*** Opening Provided material ***

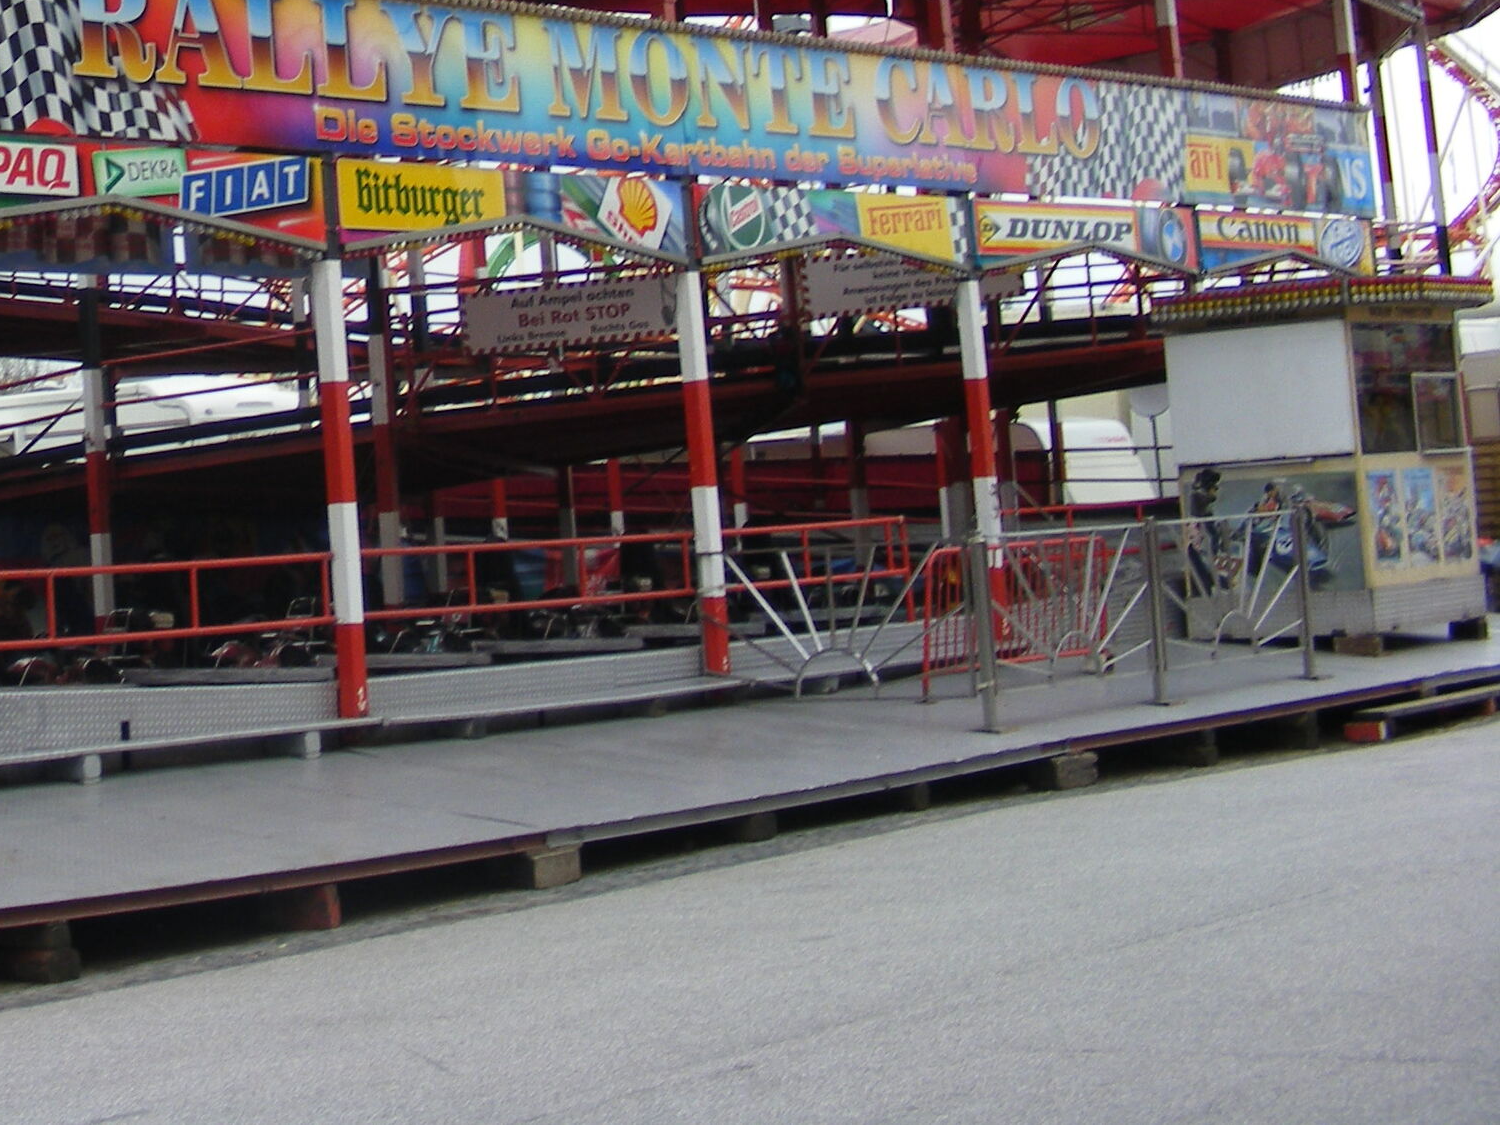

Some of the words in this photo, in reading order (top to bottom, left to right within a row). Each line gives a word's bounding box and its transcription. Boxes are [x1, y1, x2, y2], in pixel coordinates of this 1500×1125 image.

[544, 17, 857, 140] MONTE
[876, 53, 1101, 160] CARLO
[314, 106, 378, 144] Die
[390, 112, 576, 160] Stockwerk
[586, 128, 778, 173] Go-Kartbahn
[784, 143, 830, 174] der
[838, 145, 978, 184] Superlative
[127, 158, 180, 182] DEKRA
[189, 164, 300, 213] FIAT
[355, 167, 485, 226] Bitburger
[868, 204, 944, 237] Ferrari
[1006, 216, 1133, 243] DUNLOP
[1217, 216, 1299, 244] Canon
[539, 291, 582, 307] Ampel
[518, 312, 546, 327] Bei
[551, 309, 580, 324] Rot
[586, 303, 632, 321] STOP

*** Closing Provided material ***

Task statement: Repeat the data exactly in full, omitting its pictures.

Exercise response:
Some of the words in this photo, in reading order (top to bottom, left to right within a row). Each line gives a word's bounding box and its transcription. Boxes are [x1, y1, x2, y2], in pixel coordinates of this 1500×1125 image.

[544, 17, 857, 140] MONTE
[876, 53, 1101, 160] CARLO
[314, 106, 378, 144] Die
[390, 112, 576, 160] Stockwerk
[586, 128, 778, 173] Go-Kartbahn
[784, 143, 830, 174] der
[838, 145, 978, 184] Superlative
[127, 158, 180, 182] DEKRA
[189, 164, 300, 213] FIAT
[355, 167, 485, 226] Bitburger
[868, 204, 944, 237] Ferrari
[1006, 216, 1133, 243] DUNLOP
[1217, 216, 1299, 244] Canon
[539, 291, 582, 307] Ampel
[518, 312, 546, 327] Bei
[551, 309, 580, 324] Rot
[586, 303, 632, 321] STOP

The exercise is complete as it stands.